Mika Urbaniak nigdy nie dała po sobie poznać, co tak naprawdę przeżywa. Prawdę znali tylko najbliżsi. Wreszcie artystka postanowiła wyjawić całą skrywaną do tej pory tajemnicę i przyznać się, że od wielu lat cierpi na chorobę dwubiegunową afektywną. 

"W najgorszym momencie trafiłam do szpitala psychiatrycznego", mówi i dodaje, że "nie dostała od rodziny takiego wsparcia, jakiego potrzebowała".

Mika Urbaniak jest uznaną wokalistką jazz, R&B, hip hop. Wychowywana w artystycznej rodzinie zaznała wiele twórczej wolności i swobody, również w podejmowaniu pozazawodowych decyzji. Czy dziś nadal docenia ten fakt? Jak przyznaje w jednym z wywiadów:

"Wróciłam do Polski, gdzie zamieszkałam z mamą, i zaczęłam dużo imprezować. Miałam towarzystwo do picia. Typowi artyści, można by powiedzieć. To trwało pięć lat. Moja mama kilkakrotnie wyciągała mnie z różnych opresji" .
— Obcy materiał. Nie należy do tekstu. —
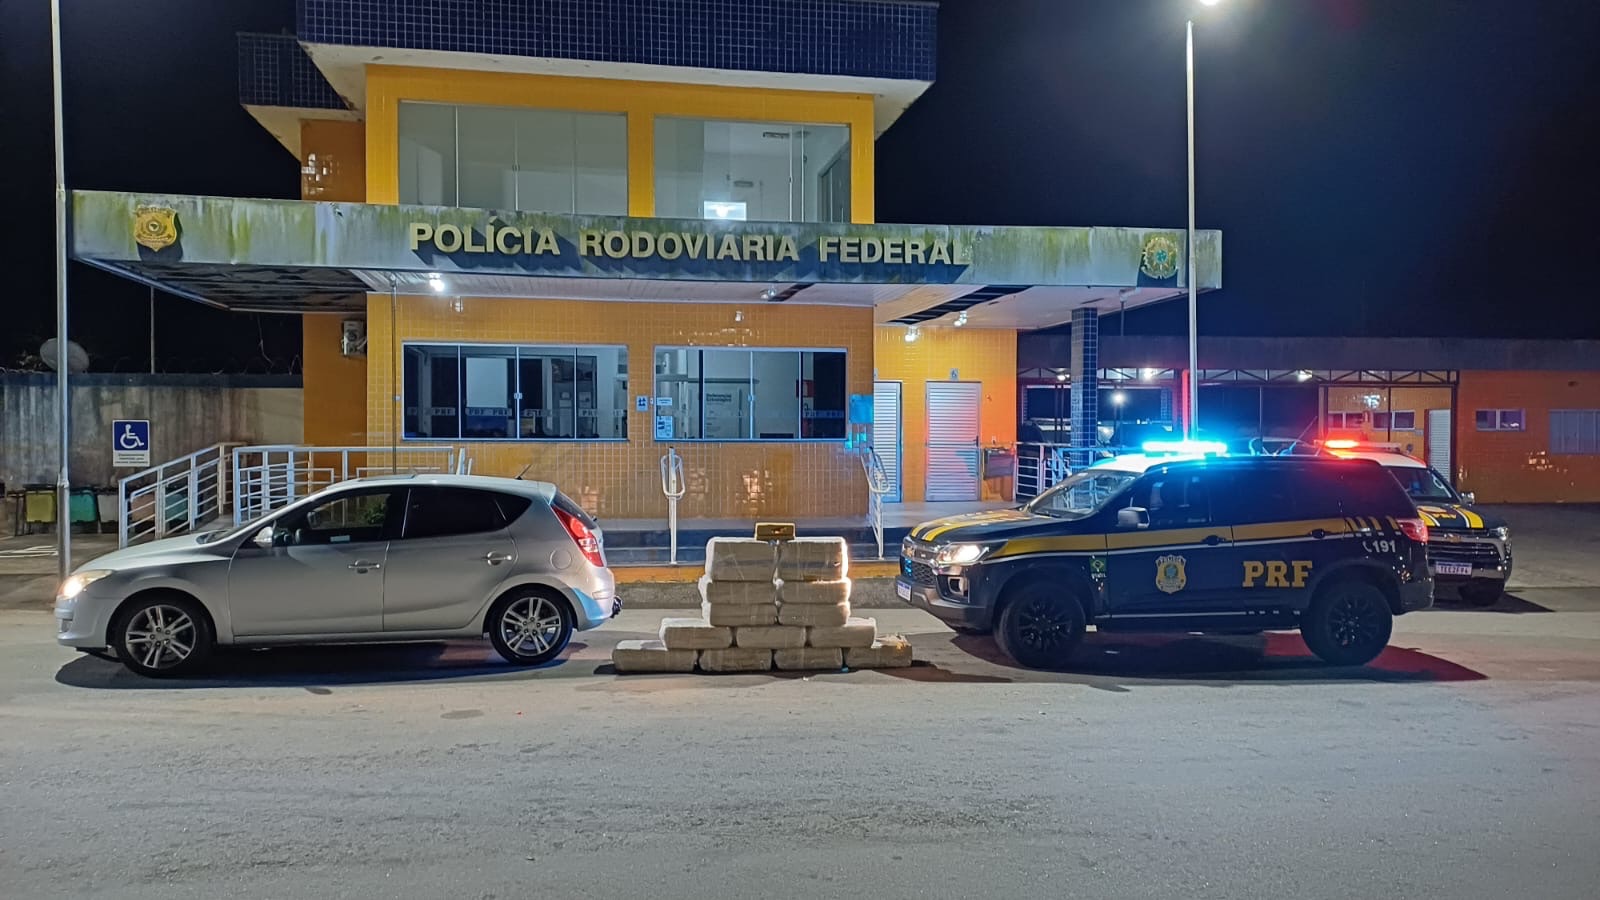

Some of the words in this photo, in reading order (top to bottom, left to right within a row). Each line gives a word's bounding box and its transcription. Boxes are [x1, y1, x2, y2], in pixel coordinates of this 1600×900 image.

[410, 216, 561, 255] POLÍCIA
[819, 236, 973, 265] FEDERAL
[1373, 540, 1395, 552] 191
[1242, 560, 1313, 588] PRF
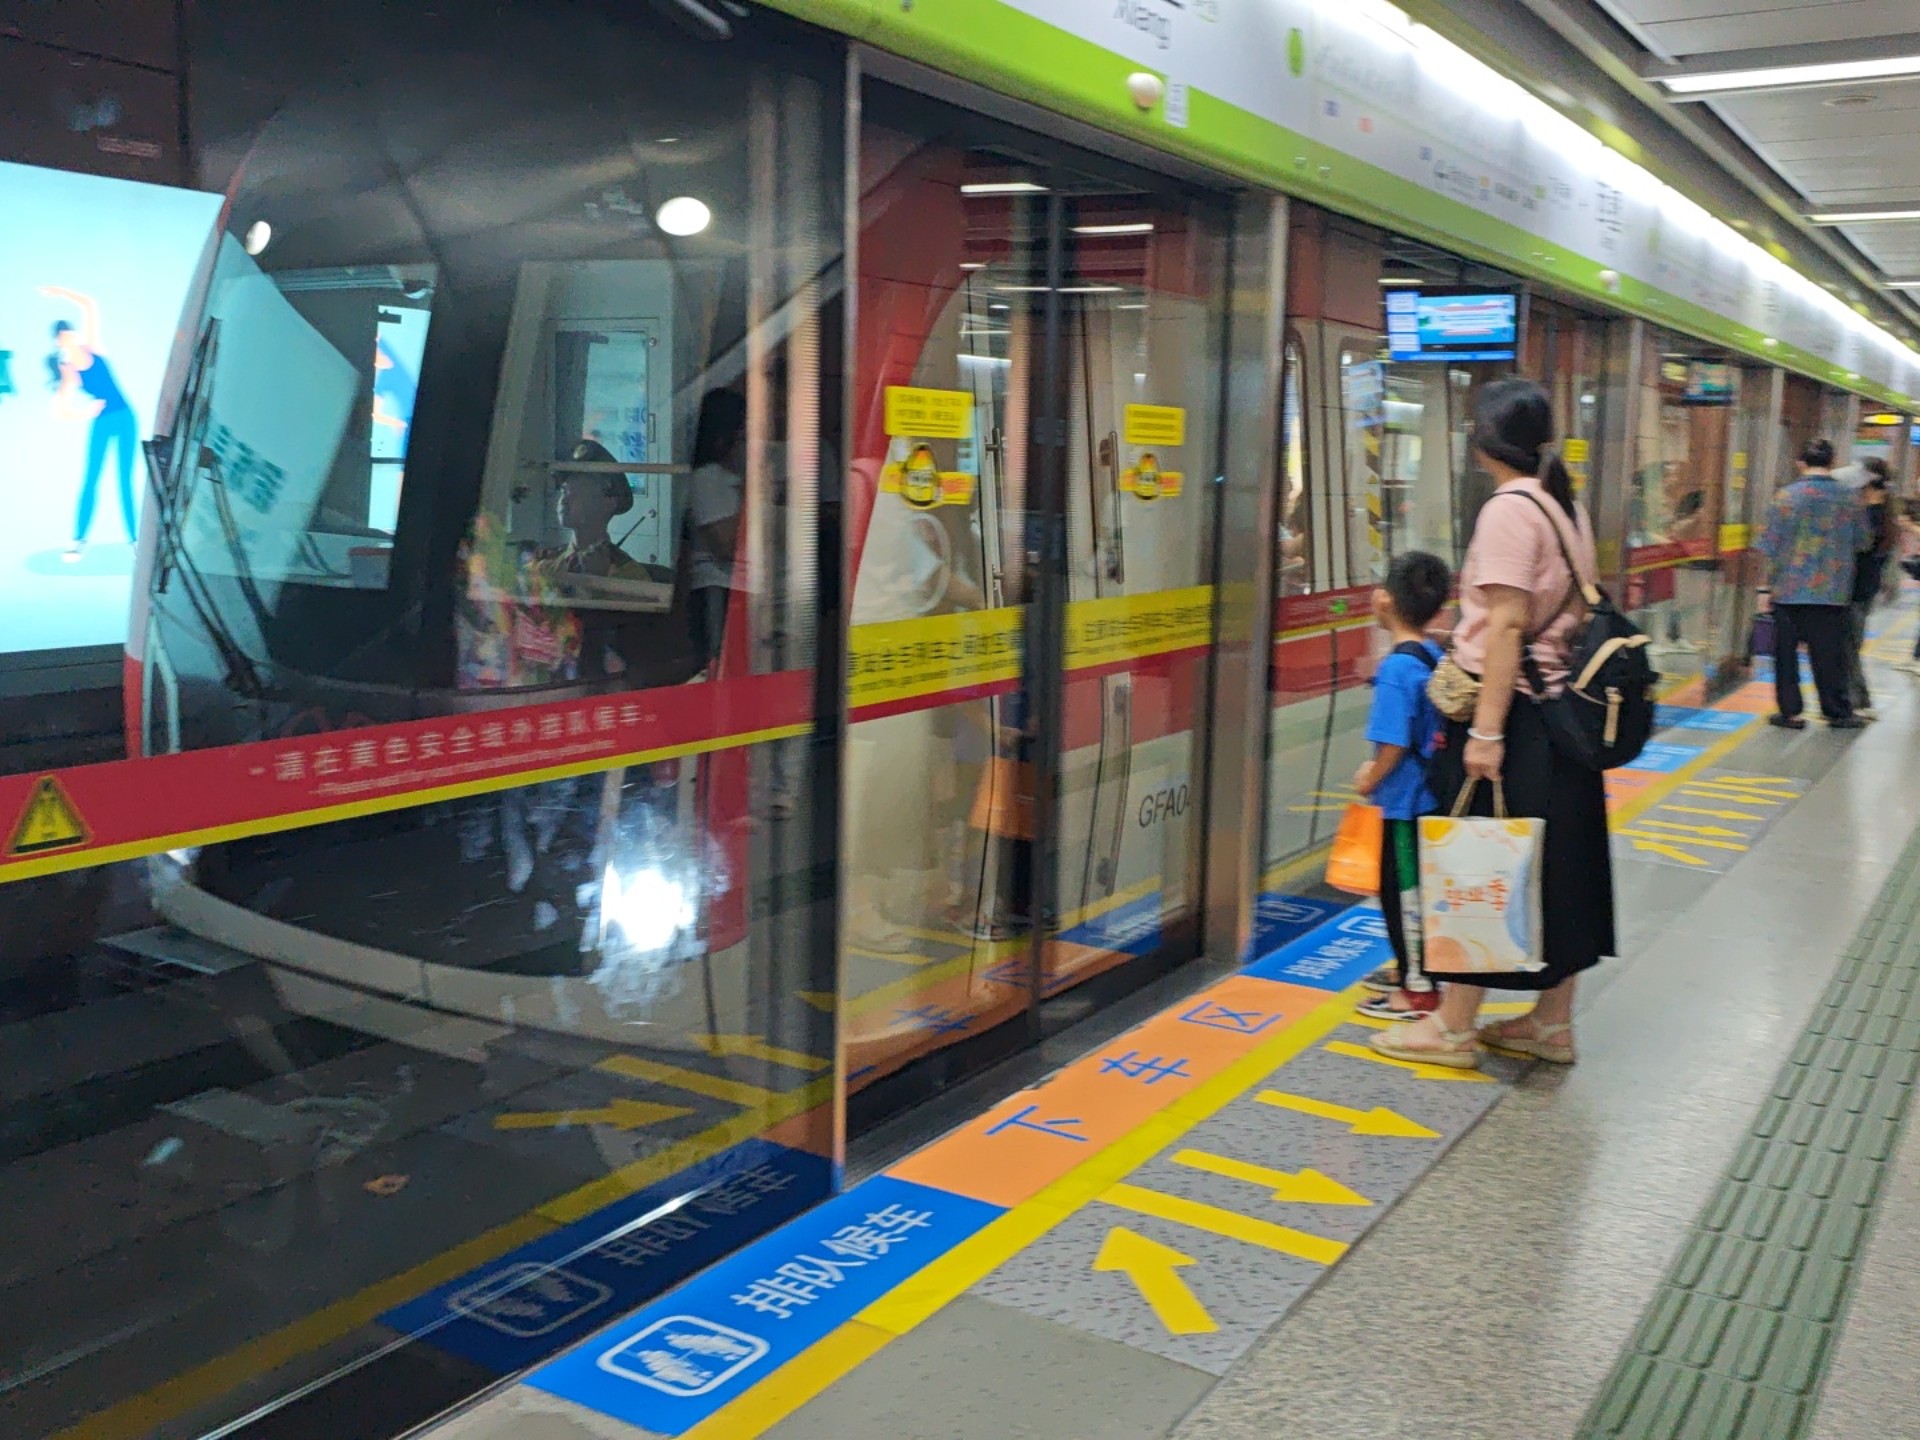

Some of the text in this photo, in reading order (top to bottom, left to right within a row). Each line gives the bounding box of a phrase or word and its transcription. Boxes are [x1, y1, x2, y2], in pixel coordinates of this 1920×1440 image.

[1139, 784, 1190, 828] GFA0
[985, 1000, 1285, 1142] 下车区
[730, 1203, 934, 1319] 排队候车
Jednak alkohol, był dla niej tylko sposobem radzenia sobie z problemem o wiele trudniejszym. Mika wyznała, że od 16 lat walczy z chorobą dwubiegunową afektywną. Objawy dwubiegunówki pojawiały się, gdy była już nastolatką, jednak nie potrafiła się z nimi uporać i sama zdiagnozować symptomy. Nie znalazła też oparcia w rodzinie. Wszystko, co czuła spisywała w pamiętniku.
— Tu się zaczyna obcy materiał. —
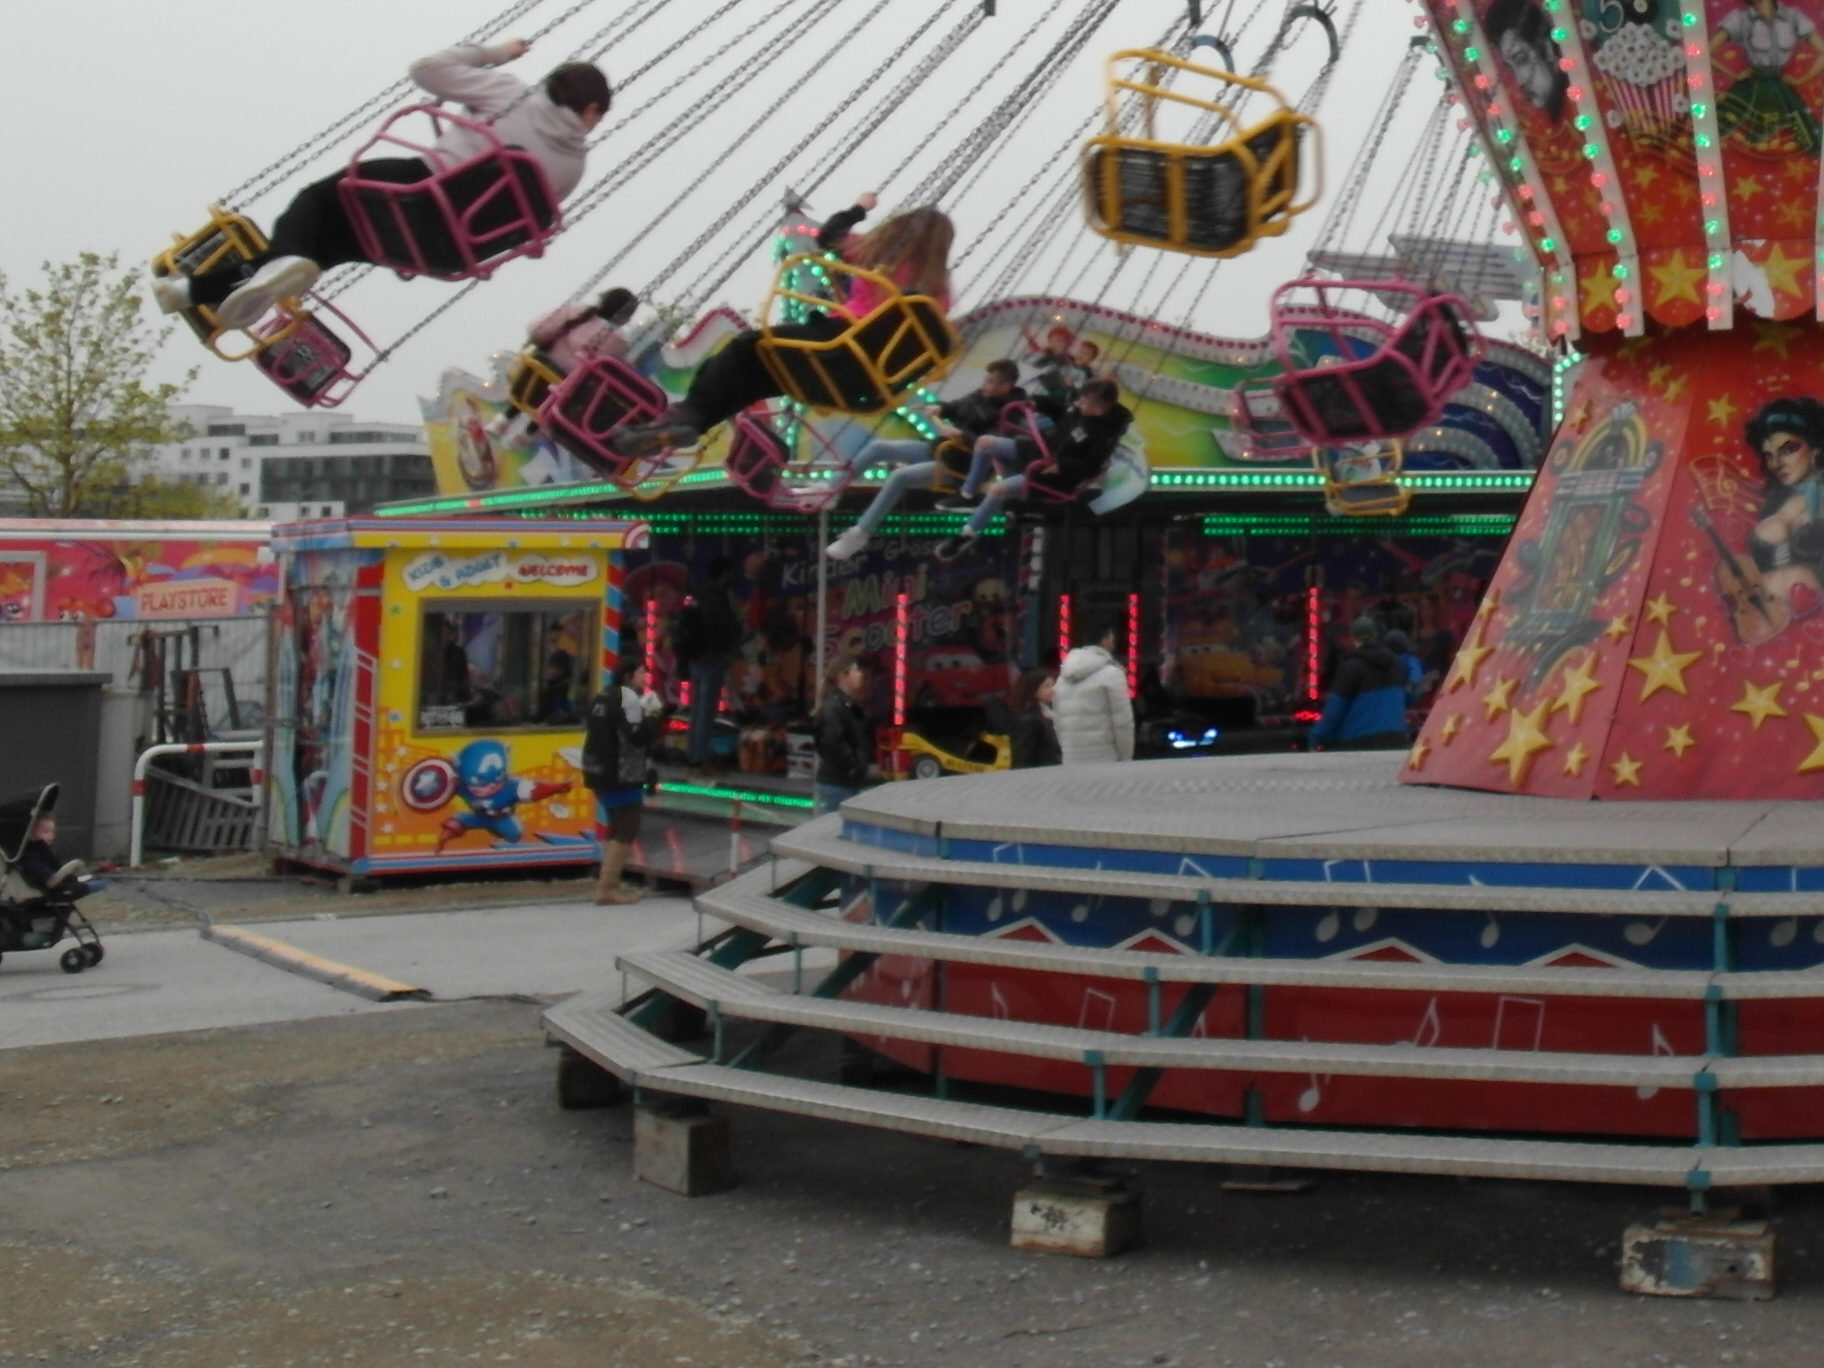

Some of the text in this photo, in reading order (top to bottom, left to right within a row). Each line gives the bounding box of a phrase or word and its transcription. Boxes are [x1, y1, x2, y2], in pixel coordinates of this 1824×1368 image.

[518, 564, 588, 577] WELCOME
[141, 587, 228, 613] PLAYSTORE
[841, 563, 928, 621] Mini
"Opisywałam, jak się czuję. Byłam zamknięta w sobie, mało towarzyska. Nie miałam też za bardzo z kim dzielić się tym, co przeżywam, nikt nie nauczył mnie rozmawiać o emocjach. Pisałam, że zaczynam czuć się dziwnie, nie wiem, co się ze mną dzieje. Tłumiłam to w sobie i sięgałam po alkohol" – przyznała." [...] Nie mam do nich żalu, oni po prostu nie wiedzieli, jak mi pomóc, próbowały wszystkimi sposobami, tylko nie psychoterapią, lekami. Zrozumiałam, że moi rodzice wychowali się w innych czasach, kiedy nie rozmawiano wprost o uczuciach i emocjach".

 

 Mika Urbaniak - upadek i samotność

Mika Urbaniak przyznała w wywiadzie, że proces zapadania się w chorobę dwubiegunową był długi i dramatyczny. Miała myśli samobójcze, zdarzało jej się budzić po maratonie alkoholowym w szpitalu z ponad 5 promilami alkoholu we krwi. W końcu powiedziała sobie; stop! Jak wspomina, dla matki - Urszuli Dudziak to był szok. Kazała córce iść na odwyk, grożąc wyrzuceniem z domu. Urbaniak spędziła dwa tygodnie na oddziale psychiatrycznym, a po jego opuszczeniu poszła na odwyk. 7-letnia abstynencja doprowadziła do tego, że udało się ustalić, co tak naprawdę jest przyczyną jej trudnych do okiełznania stanów. Jak sama przyznaje, czas spędzony w szpitalu wiele ją nauczył - z pewnością doceniania tego, co mogła utracić.

"Na oddziałach jest więcej szczęśliwych ludzi niż na imprezach z udziałem celebrytów. Oni walczą o każdy dzień. Nie myślą o tym, jaką zrobią karierę czy ile zarobią pieniędzy, dla nich najważniejsze jest, żeby być akceptowanym i kochanym. Pragną względnie dobrze funkcjonować, są szczęśliwi, kiedy ktoś jest dla nich miły."